** WHAT TO DO **
Images are to be left out; everything else in the listing should be repeated exactly.

** DATA FOR REVIEW **
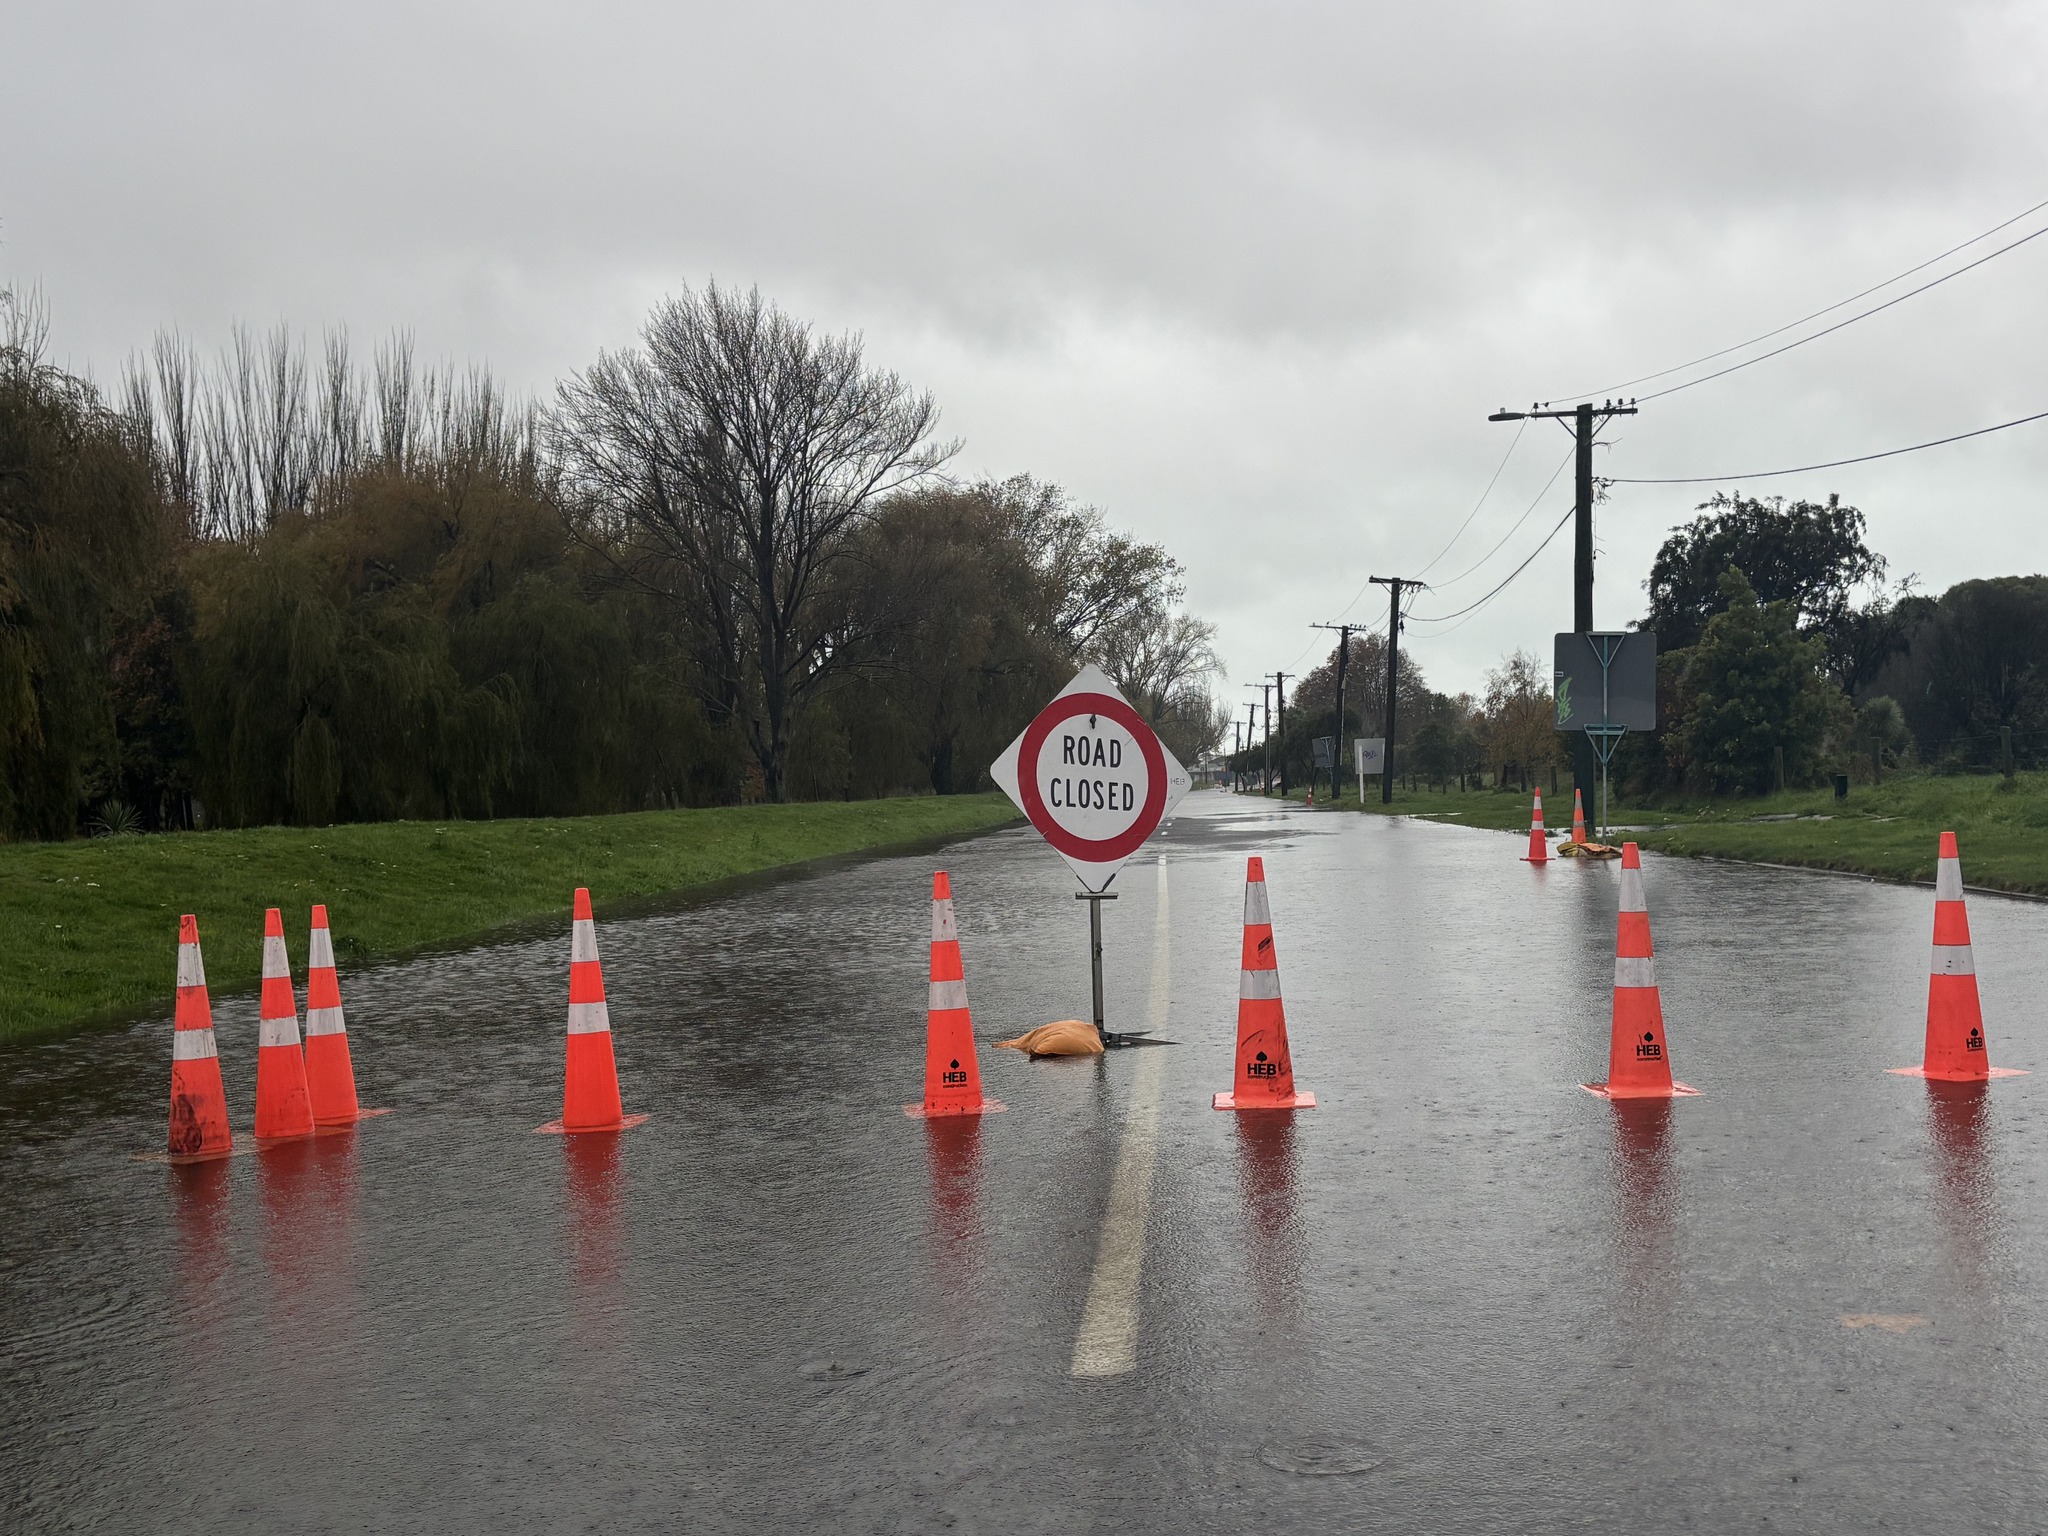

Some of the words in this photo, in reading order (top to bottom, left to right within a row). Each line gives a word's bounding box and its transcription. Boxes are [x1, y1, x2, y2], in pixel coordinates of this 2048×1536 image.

[1063, 735, 1122, 768] ROAD
[1050, 777, 1134, 811] CLOSED
[1966, 1037, 1983, 1049] HEB
[1636, 1044, 1661, 1056] HEB
[1247, 1063, 1277, 1075] HEB
[942, 1071, 967, 1083] HEB

** SOLVED PROBLEM **
Some of the words in this photo, in reading order (top to bottom, left to right within a row). Each line gives a word's bounding box and its transcription. Boxes are [x1, y1, x2, y2], in pixel coordinates of this 2048×1536 image.

[1063, 735, 1122, 768] ROAD
[1050, 777, 1134, 811] CLOSED
[1966, 1037, 1983, 1049] HEB
[1636, 1044, 1661, 1056] HEB
[1247, 1063, 1277, 1075] HEB
[942, 1071, 967, 1083] HEB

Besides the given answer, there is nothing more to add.